Extracted information ::
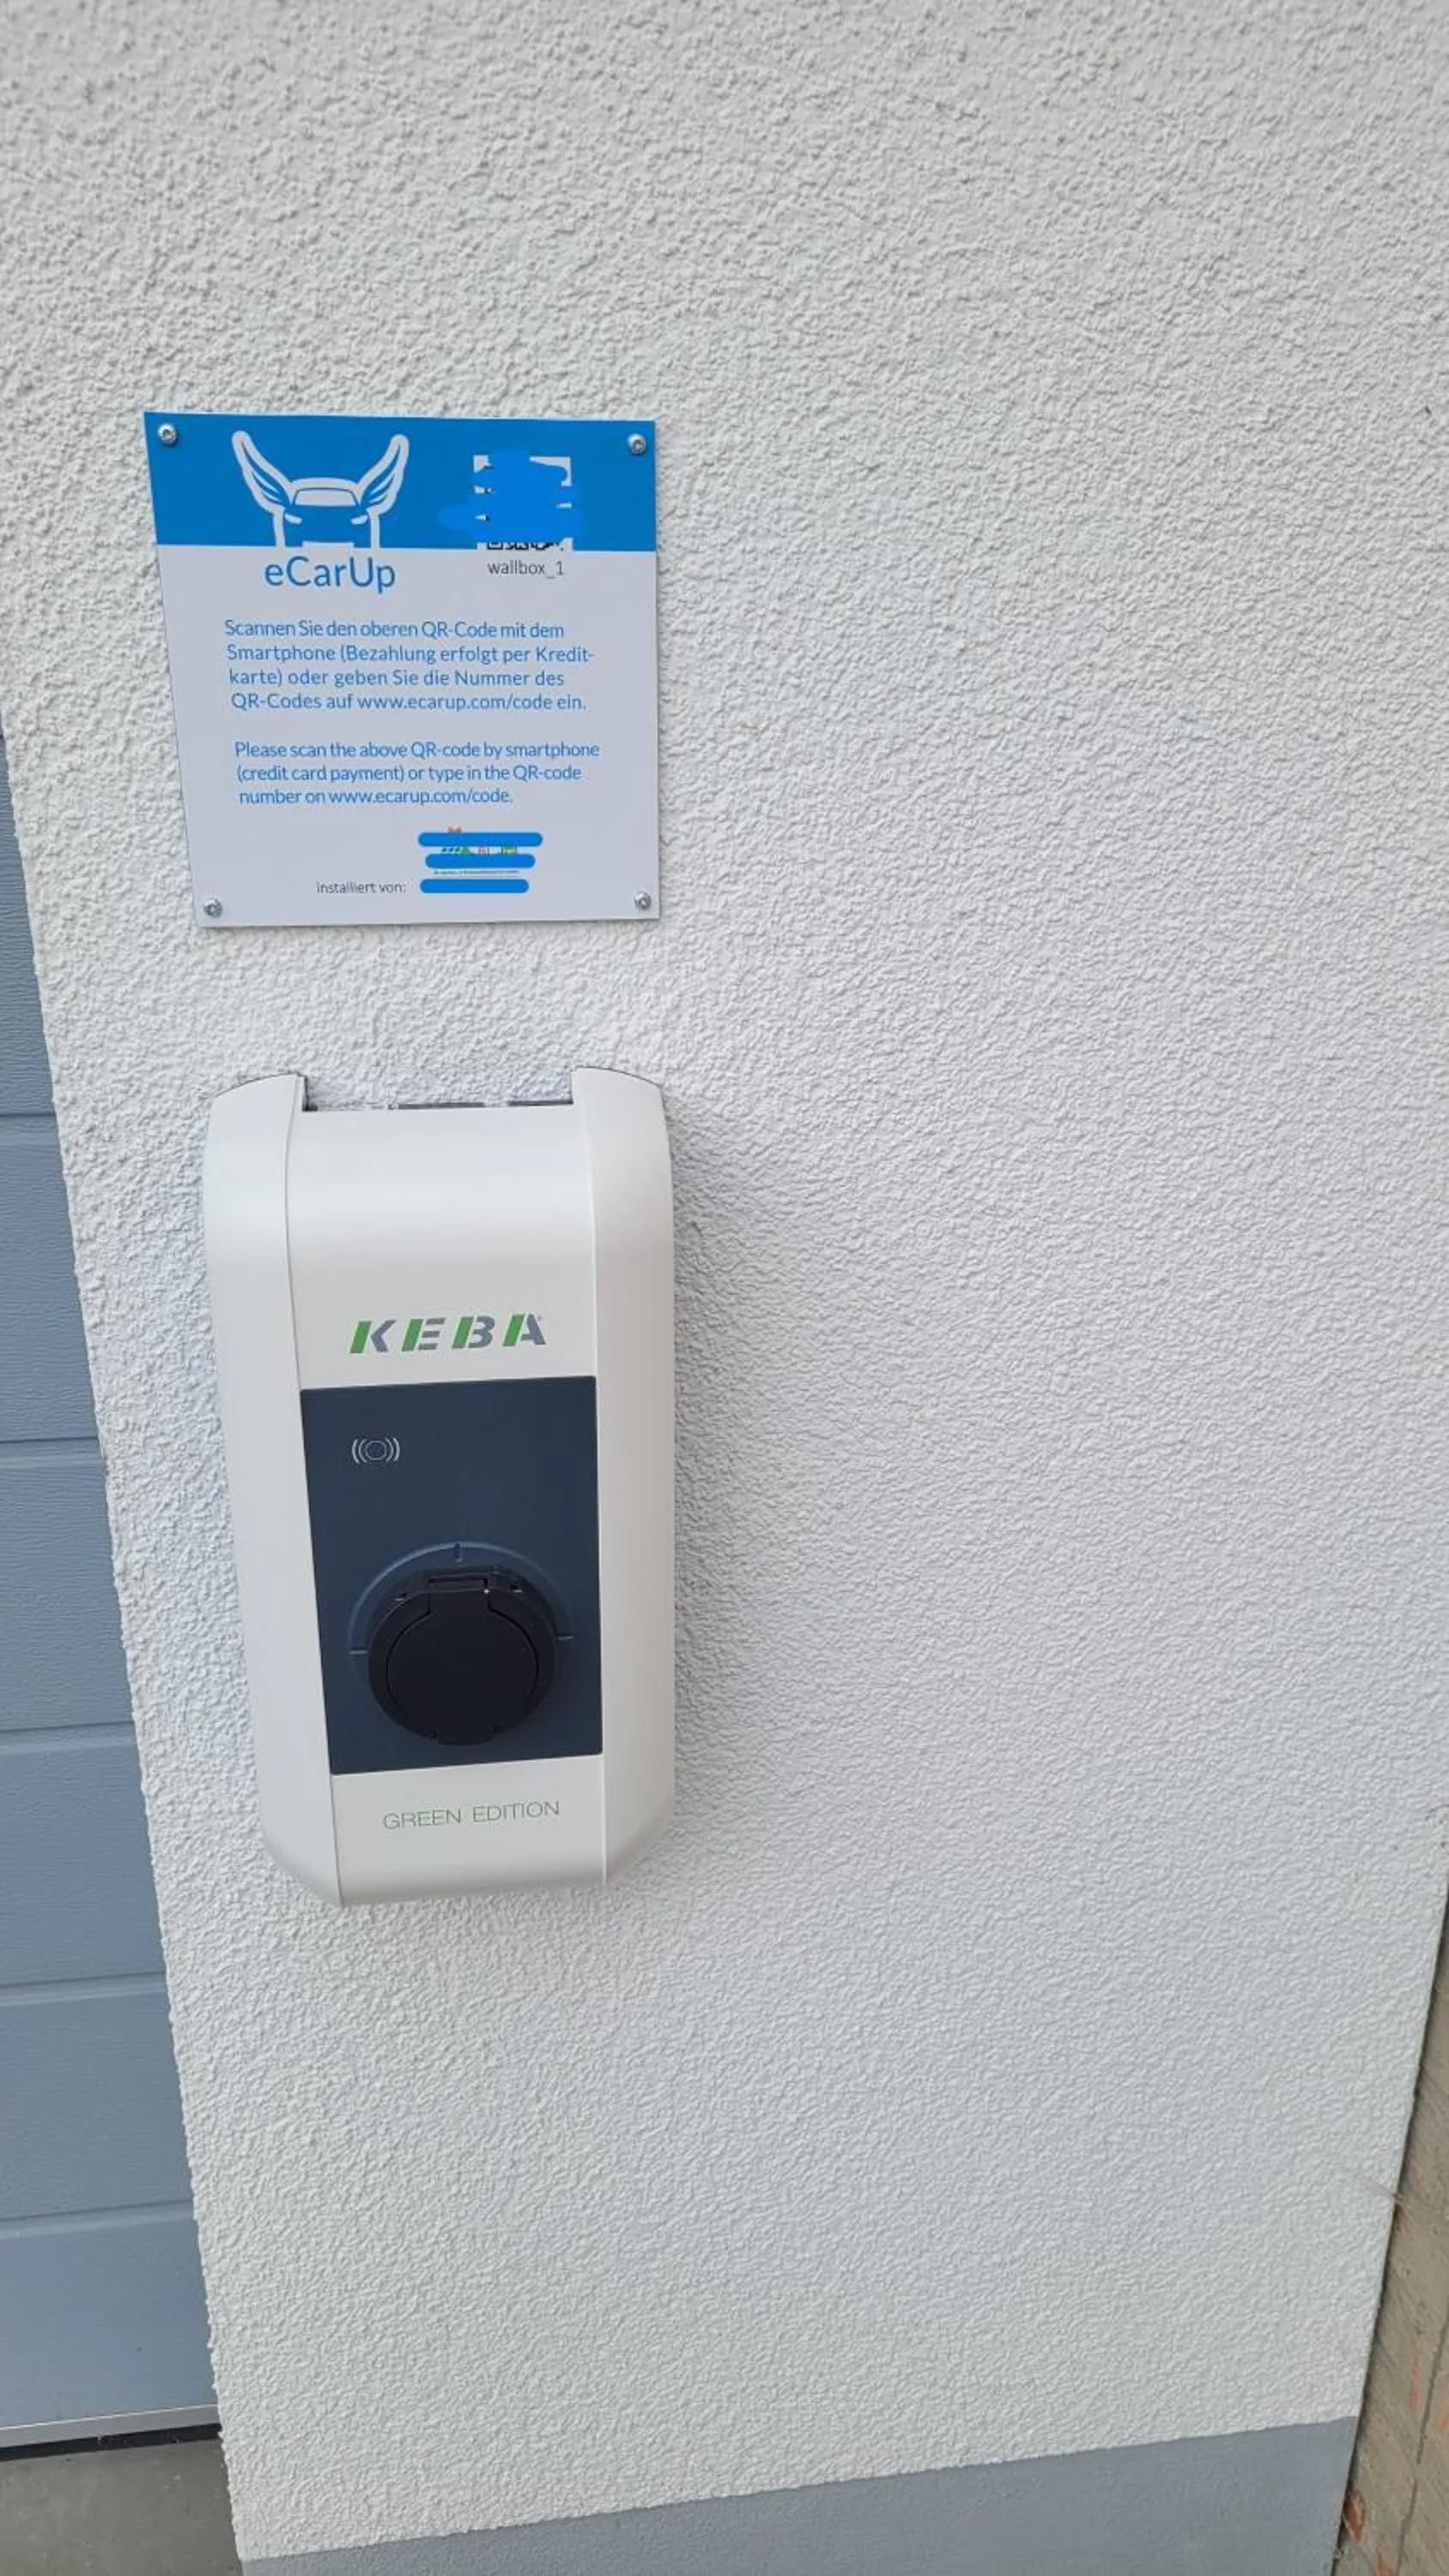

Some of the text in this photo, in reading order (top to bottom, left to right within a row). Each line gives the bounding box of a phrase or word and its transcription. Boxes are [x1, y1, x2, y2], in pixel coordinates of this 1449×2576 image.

[264, 556, 395, 592] eCarUp
[488, 558, 564, 580] wallbox_1
[224, 620, 564, 641] Scannen Sie den oberen QR-Code mit dem
[227, 644, 595, 665] Smartphone (Bezahlung erfolgt per Kredit-
[229, 668, 564, 688] karte) oder geben Sie die Nummer des
[231, 692, 587, 713] QR-Codes auf www.ecarup.com/code ein.
[234, 742, 600, 760] Please scan the above QR-code by smartphone
[237, 764, 582, 784] (credit card payment) or type in the QR-code
[239, 788, 512, 806] number on www.ecarup.com/code.
[379, 882, 405, 894] von:
[349, 1312, 547, 1355] KEBA
[383, 1800, 560, 1830] GREEN EDITION

What you have to do ::
What is needed is the whole listing again, exactly as written, with the images left out.

Result for this exercise ::
Some of the text in this photo, in reading order (top to bottom, left to right within a row). Each line gives the bounding box of a phrase or word and its transcription. Boxes are [x1, y1, x2, y2], in pixel coordinates of this 1449×2576 image.

[264, 556, 395, 592] eCarUp
[488, 558, 564, 580] wallbox_1
[224, 620, 564, 641] Scannen Sie den oberen QR-Code mit dem
[227, 644, 595, 665] Smartphone (Bezahlung erfolgt per Kredit-
[229, 668, 564, 688] karte) oder geben Sie die Nummer des
[231, 692, 587, 713] QR-Codes auf www.ecarup.com/code ein.
[234, 742, 600, 760] Please scan the above QR-code by smartphone
[237, 764, 582, 784] (credit card payment) or type in the QR-code
[239, 788, 512, 806] number on www.ecarup.com/code.
[379, 882, 405, 894] von:
[349, 1312, 547, 1355] KEBA
[383, 1800, 560, 1830] GREEN EDITION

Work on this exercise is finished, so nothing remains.